LONDON, July 24 (UPI) -- An unexpectedly steep fall in Britain's gross domestic product and a pickup in German business confidence: These contrasting end-of-week headlines for Europe's two largest economies highlight the head-scratching problems faced by government and independent forecasters in assessing the real state of Europe's economy in mid-2009.
Hopes that European governments would be able to combine -- as their central banks have done to a limited degree -- in implementing coordinated and synchronized fiscal measures have long been dashed. The European Union may be a common market with a common currency and a single central bank, but EU members have governments that insist on acting independently.
Political leaders in Europe have separate and different electorates to whose fears and hopes they need to respond. And they face widely varying domestic political and financial circumstances that both drive and constrain their political responses. Even before the crisis hit, Britain's budget deficit was growing while Germany was on a path to bring its public sector spending back into line with revenues.
In Britain, official figures released Friday show a fall in second-quarter GDP of 0.8 percent. That is equivalent to an annualized rate of decline -- the measure widely used in the United States -- of more than 3.2 percent. The figures, while provisional, are far worse than generally predicted by bank and other independent analysts and lie close to the pessimistic end of the range of published forecasts. And they follow a first-quarter contraction of 2.4 percent.
The British government of Gordon Brown, which is under fierce political and media scrutiny for "spinning" news, has stopped all talk of seeing "green shoots of recovery." But its first public response to the latest figures was still relatively upbeat with the Chief Secretary to the Treasury Liam Byrne -- in effect the deputy finance minister -- saying he was "cautious but confident" that growth was going to return at the end of the year.
Even if Byrne is right about recovery beginning at the end of 2009, that would be too late to meet official targets. It would take an improbable and sharp turnaround starting now -- with growth of more than 1.5 percent in each of the third and fourth quarters of this year -- to hit the official Treasury forecast of a decline of 3.5 percent in 2009 over 2008. GDP in the first half of the year is already 5.6 percent down from a year before.
Goldman Sachs Global Economics Research suggests that the U.K. figures of a first estimate of second-quarter GDP might prove overly pessimistic based on the pattern of official revisions for the years 1999 to 2006. But other analysts note that this research covers revisions during a period of economic growth rather than contraction. Where official data previously underestimated growth, it could now be underestimating the rate of decline.

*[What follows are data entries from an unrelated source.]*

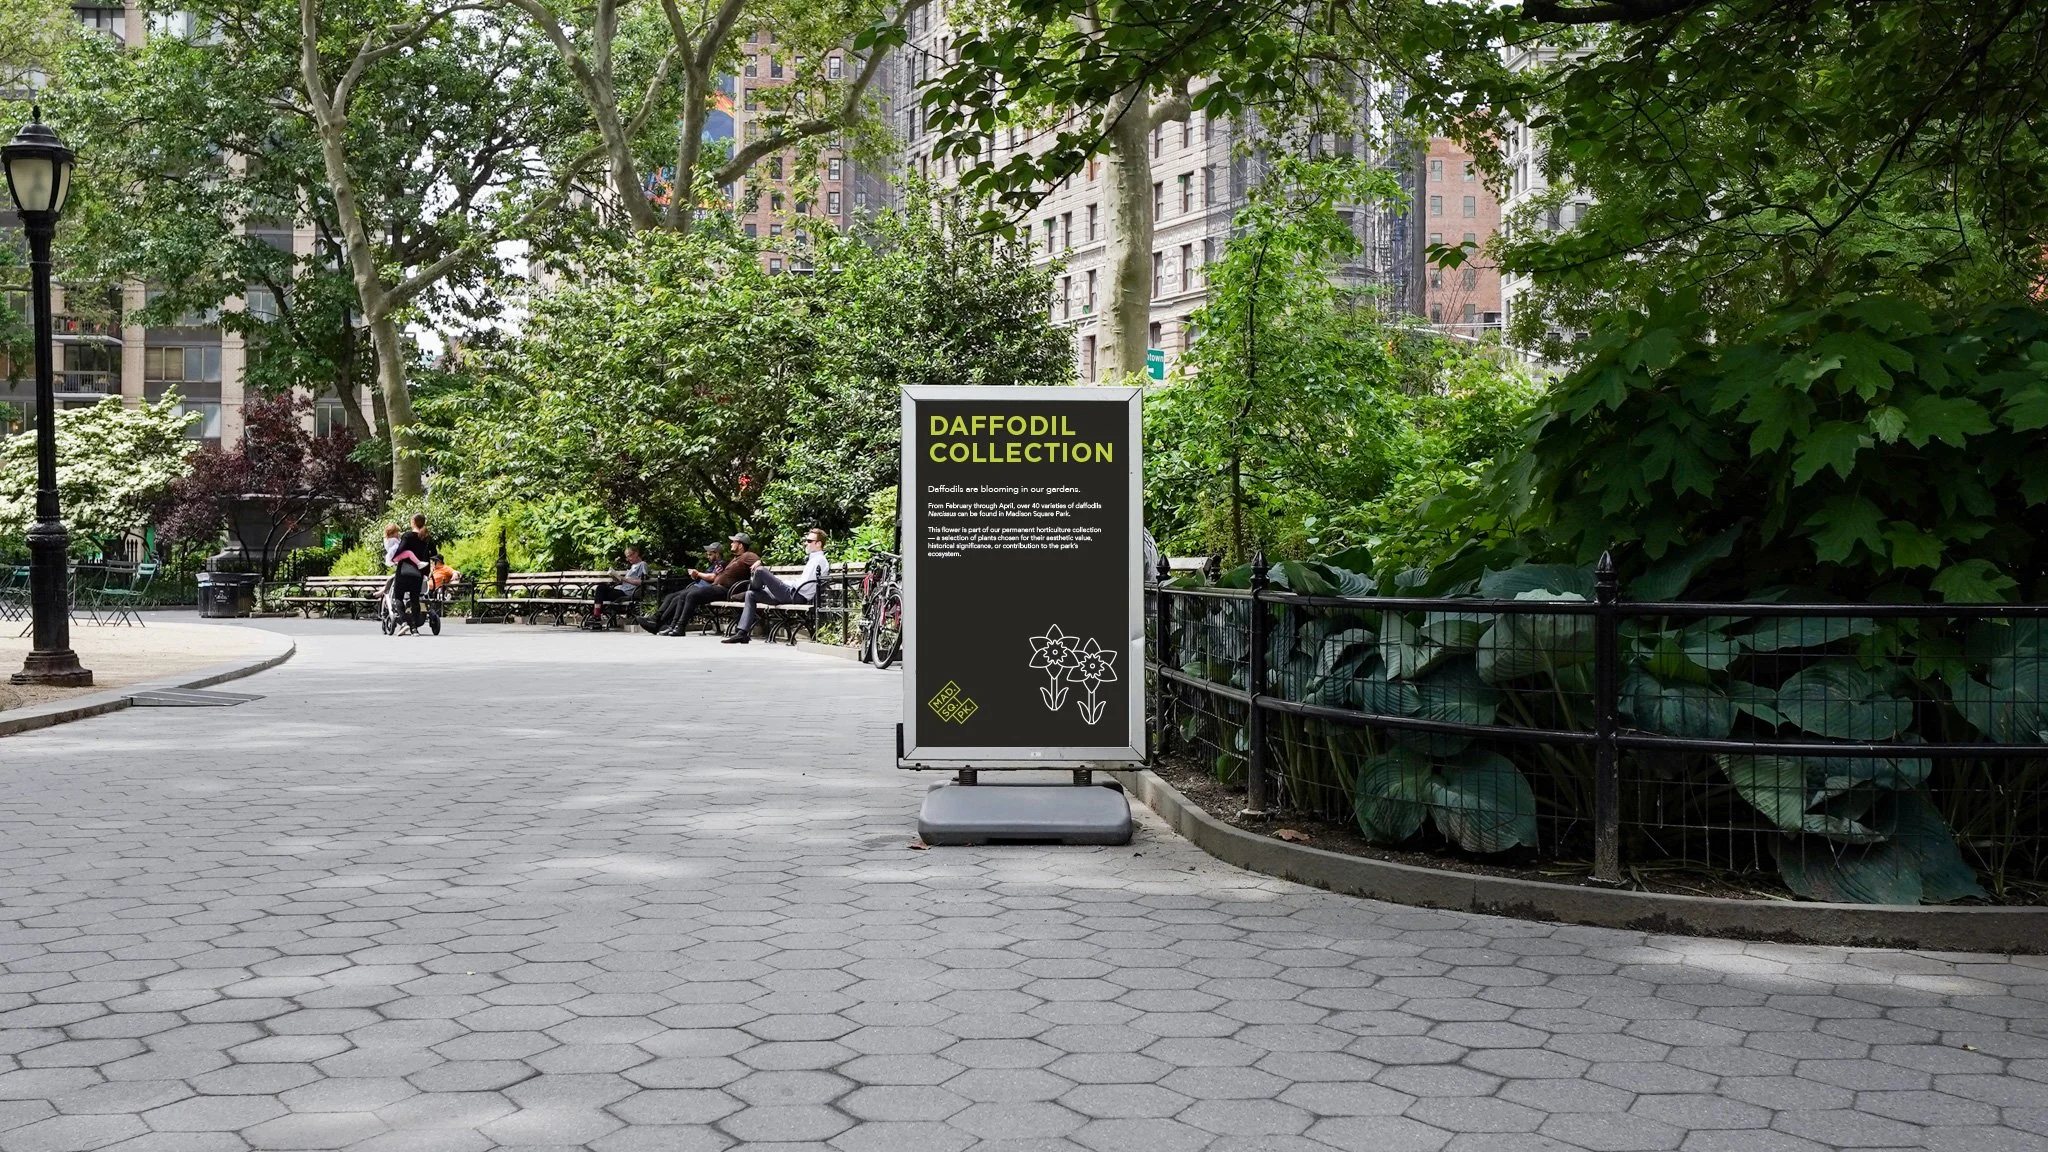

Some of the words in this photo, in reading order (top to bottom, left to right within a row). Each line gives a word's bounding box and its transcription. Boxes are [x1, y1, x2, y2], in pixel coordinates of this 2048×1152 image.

[930, 415, 1077, 436] DAFFODIL
[929, 442, 1113, 463] COLLECTION
[927, 484, 964, 493] Daffodils
[980, 484, 1019, 495] blooming
[1021, 485, 1029, 493] in
[1046, 484, 1081, 495] gardens.
[945, 502, 973, 511] February
[973, 502, 998, 511] through
[998, 502, 1016, 511] April,
[1075, 501, 1102, 509] daffodils
[1032, 510, 1055, 519] Square
[967, 526, 981, 535] part
[982, 525, 989, 533] of
[1001, 526, 1035, 535] permanent
[977, 534, 997, 542] plants
[1074, 534, 1093, 542] value,
[956, 542, 994, 550] significance,
[927, 551, 962, 559] ecosystem.
[932, 687, 957, 709] MAD.
[941, 703, 959, 718] SQ.
[956, 704, 974, 720] PK.

Politically, in devising a response, Britain's Labor government is boxed in. The public debate in the United Kingdom has started to swing to long-term fears about how long deficit spending can be sustained. Polls show a massive drop in support, with the party lagging the Conservative opposition by close to 20 percentage points. An election due at latest in June 2010 is already overshadowing the debate on responding to the recession. Brown has been forced to moderate his attacks on "planned Tory spending cuts" if they win power by acknowledging that a future Labor government, too, would have to limit public outlays to curb a soaring financial deficit.
By contrast, the German government was cheered today by publication of a surprisingly positive index of business confidence by the Ifo Institute. Its business climate index rose in July more sharply than expected with the 7,000 companies polled reporting an improvement both in their current business position and in their outlook. German industry, says Ifo, is getting back on its feet, and has passed the recessionary trough.

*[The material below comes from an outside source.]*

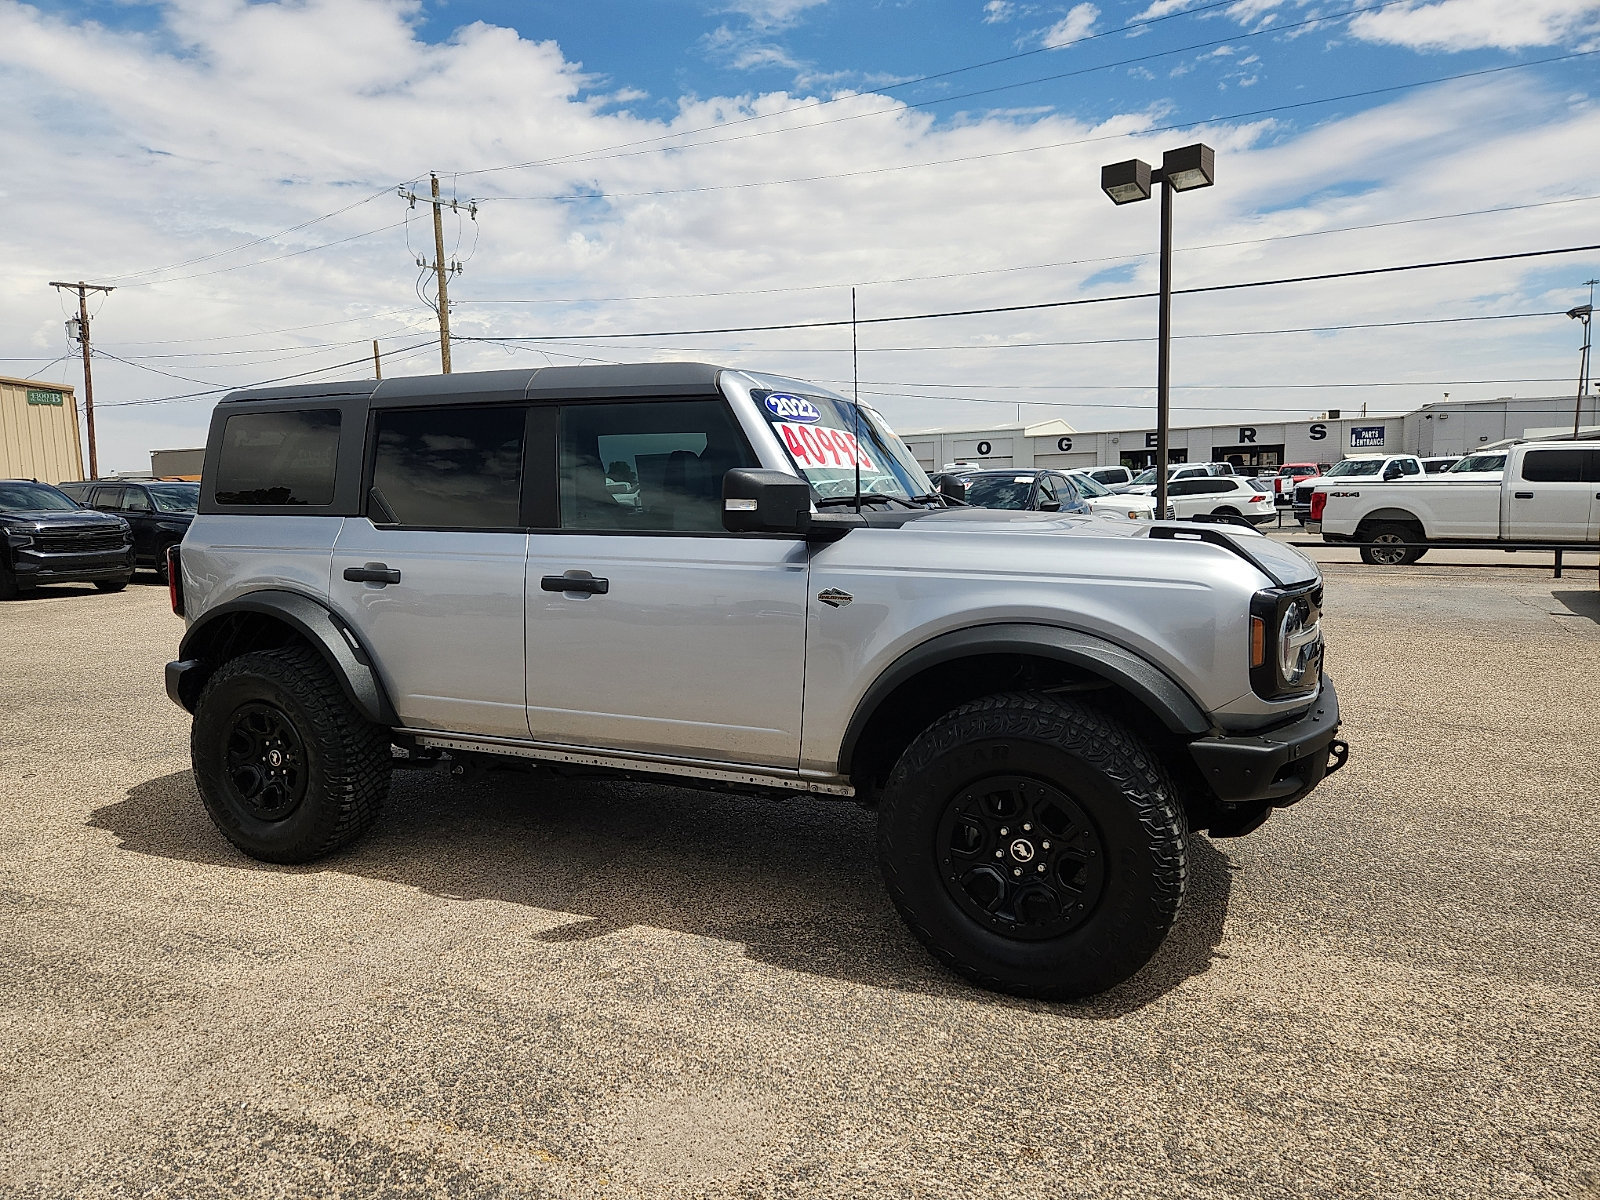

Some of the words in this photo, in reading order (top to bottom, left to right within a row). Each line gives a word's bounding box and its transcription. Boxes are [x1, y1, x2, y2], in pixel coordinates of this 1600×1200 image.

[769, 397, 820, 417] 2022
[781, 424, 872, 469] 40995
[1356, 438, 1384, 446] ENTRANCE

Evaluating the data, German bank economists see the latest survey as an important signal that economic activity is about to pick up again. Even so, unemployment is seen continuing to rise well into next year, putting a renewed dampener on the willingness of consumers to spend.
Despite the better mood, Ifo sees no reason to change its forecast for a dire economic contraction of more than 6 percent with a further small drop in 2010.